If inflation provides an effective route to gradual default, the second clear risk is of outright default. Mr Foster says the chances of this in countries such as the US, UK and Germany are very low. The first two can always resort to the printing press, Zimbabwe-style if need be. Germany’s well documented extreme fear of monetary disaster keeps it on the financial straight and narrow. With Greece, though, the chances of getting any money back seem to become slimmer by the day.
What exposure, then, should investors have to sovereign bonds?

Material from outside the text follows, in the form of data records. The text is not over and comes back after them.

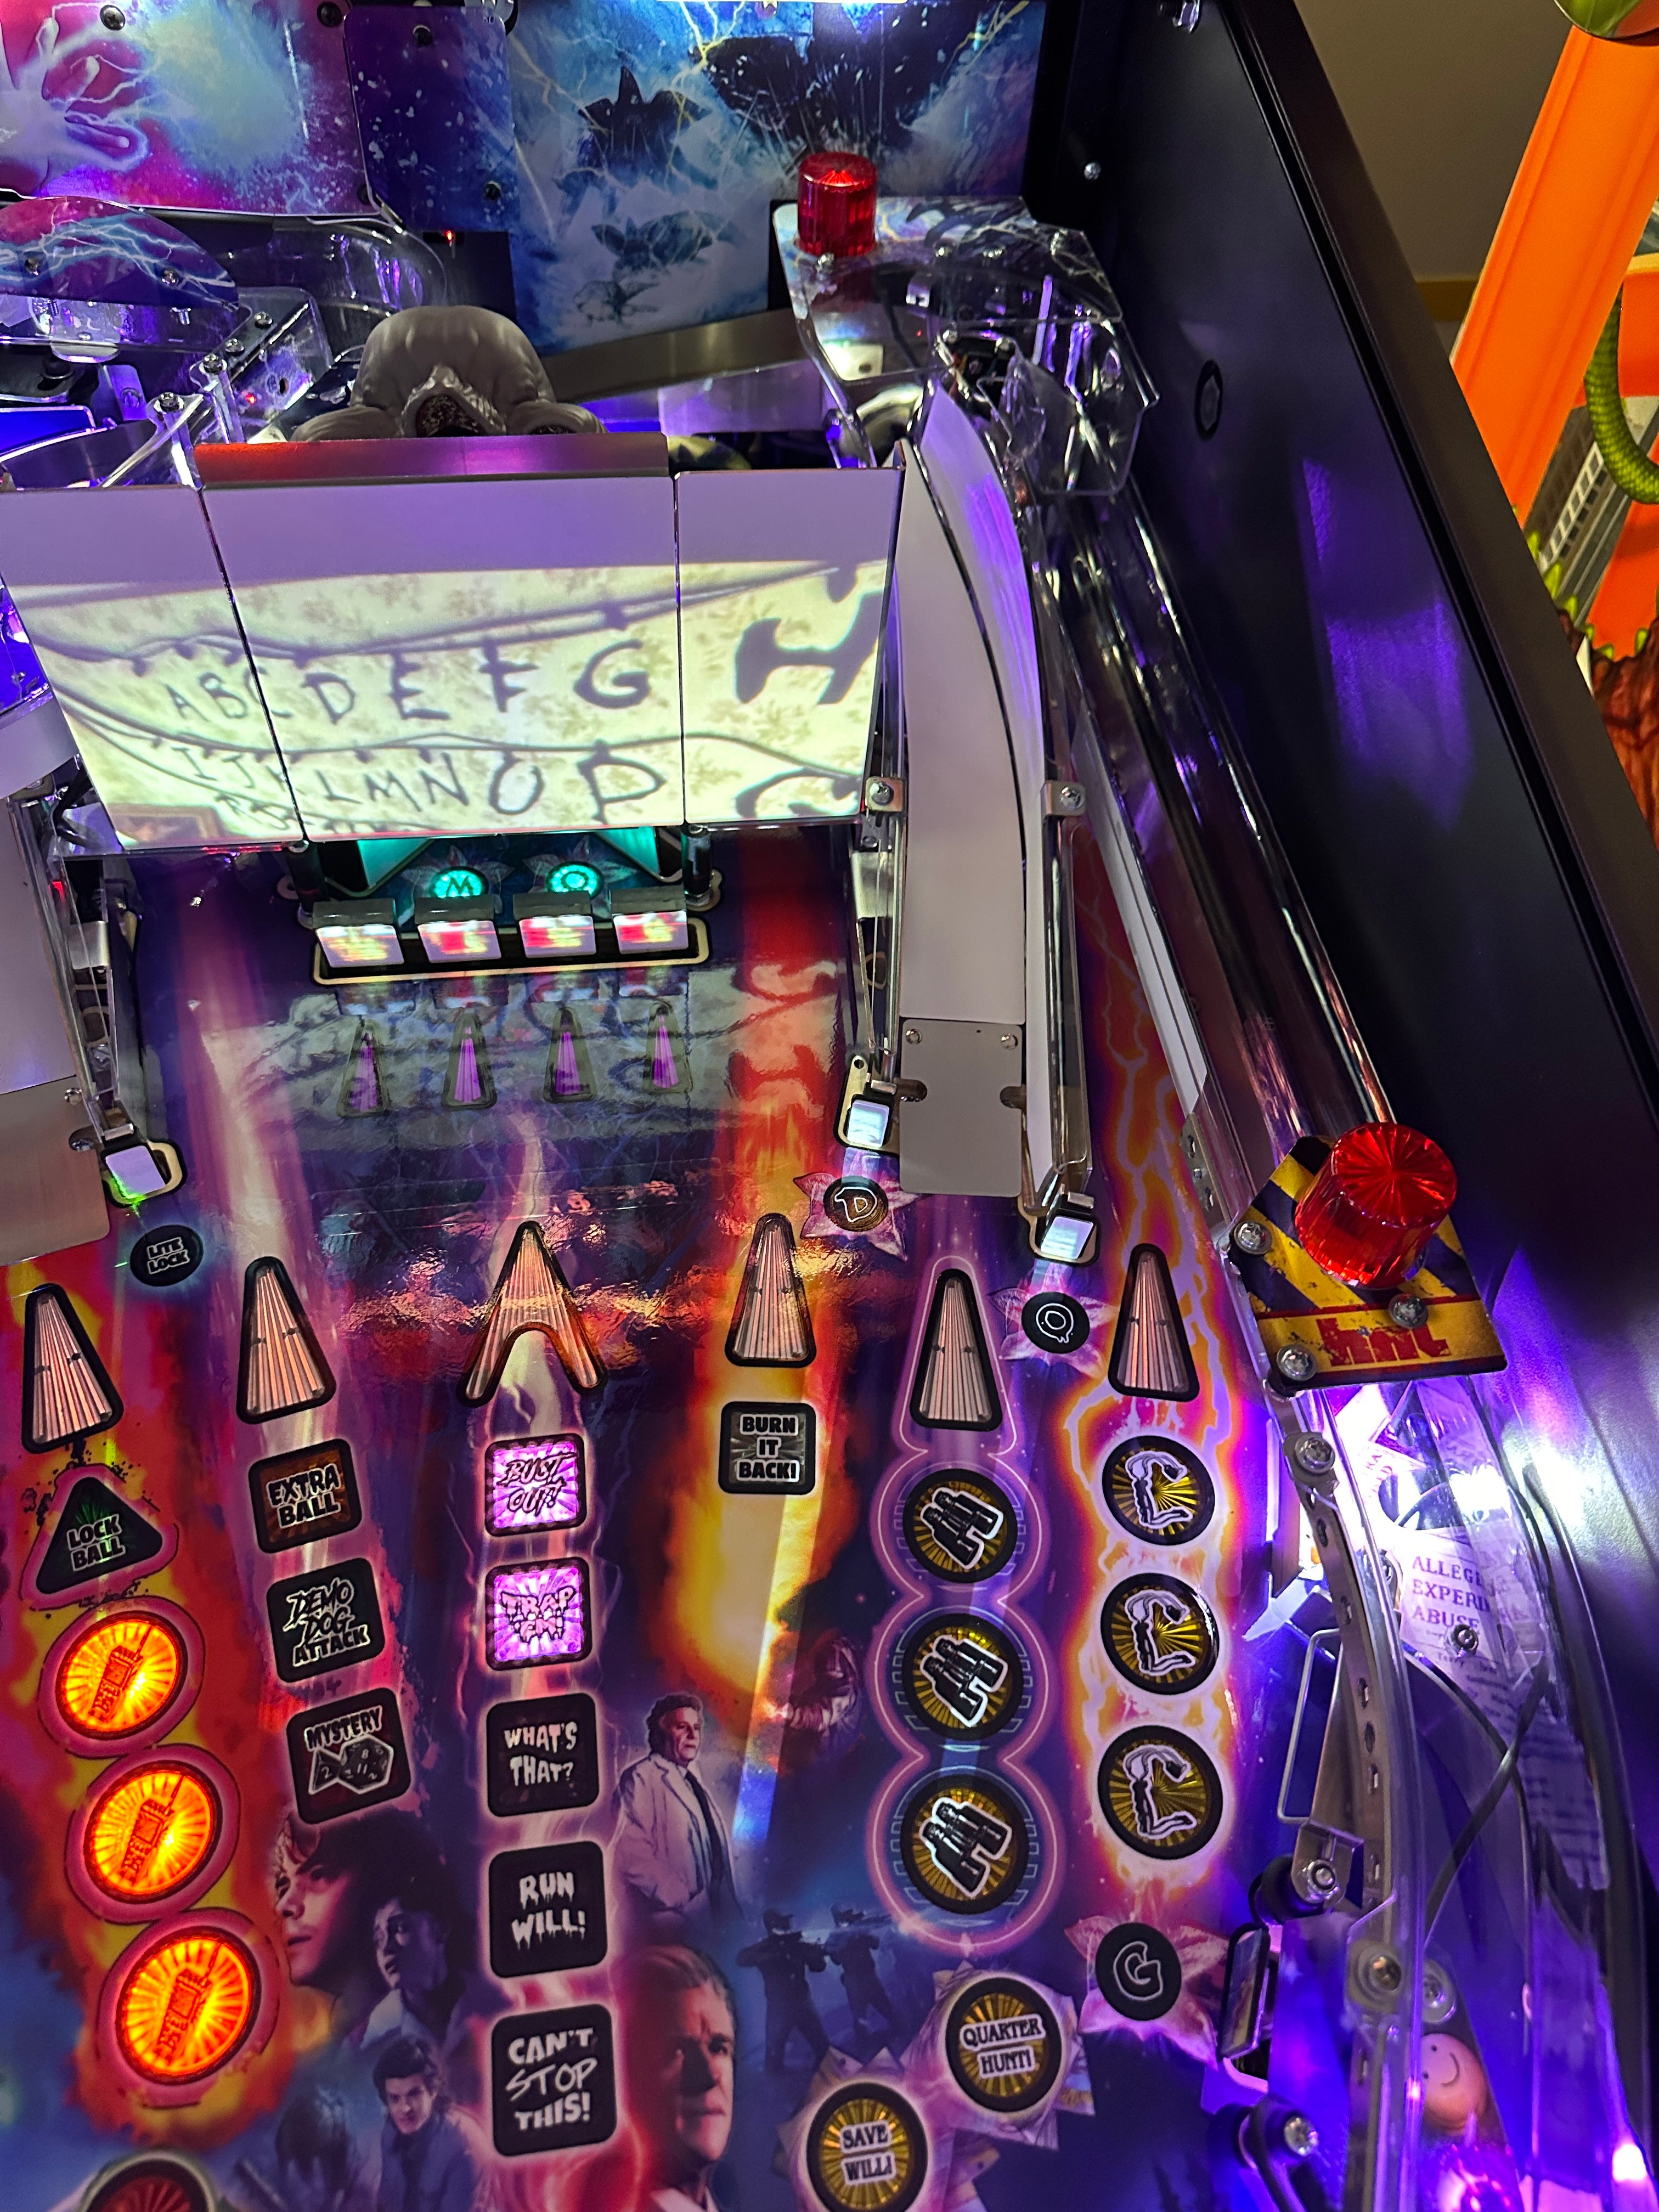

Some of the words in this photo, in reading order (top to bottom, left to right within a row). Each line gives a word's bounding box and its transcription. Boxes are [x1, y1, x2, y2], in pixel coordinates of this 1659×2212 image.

[146, 1237, 183, 1260] LITE
[147, 1249, 190, 1274] LOCK
[741, 1415, 798, 1435] BURN
[757, 1437, 781, 1458] IT
[267, 1464, 341, 1507] EXTRA
[497, 1452, 579, 1486] BUST
[737, 1460, 799, 1482] BACK!
[278, 1492, 341, 1528] BALL
[507, 1477, 565, 1516] OUT!
[67, 1514, 122, 1550] LOCK
[71, 1536, 126, 1571] BALL
[283, 1578, 354, 1631] DEMO
[500, 1585, 576, 1621] TRAP
[299, 1605, 356, 1645] DOG
[293, 1624, 370, 1667] ATTACK
[304, 1706, 382, 1751] MYSTERY
[504, 1721, 578, 1753] WHAT'S
[510, 1755, 574, 1786] THAT?
[519, 1871, 575, 1910] RUN
[511, 1909, 585, 1950] WILL!
[1114, 1941, 1163, 2000] G
[508, 2028, 594, 2065] CAN'T
[963, 2017, 1043, 2047] QUARTER
[506, 2057, 597, 2101] STOP
[980, 2048, 1033, 2075] HUNT!
[514, 2092, 591, 2131] THIS!
[842, 2123, 889, 2149] SAVE
[844, 2155, 893, 2182] WILL!

Arif Husain, who runs the European fixed income business at asset management house AllianceBernstein, tackles the question in two parts.
“You should first ask what you are using government bonds for,” he says. “It has become increasingly evident that government bonds do not all fit into the non-risky definition in the asset allocation process and investors are holding risky assets in the non-risky portion of their portfolios,” adds Mr Husain. “That transfer of risk is causing problems.”
His advice is to diversify and globalise, with the aim of mitigating risk while maximising yield, at a time when near-zero yields from the countries perceived to be safest severely limit the potential investment upside of government bonds.
Mr Husain identifies Mexico as one emerging market that returns a relatively high yield while having a low debt-to-GDP ratio, and Australia and New Zealand as two mid-developed countries offering the same combination.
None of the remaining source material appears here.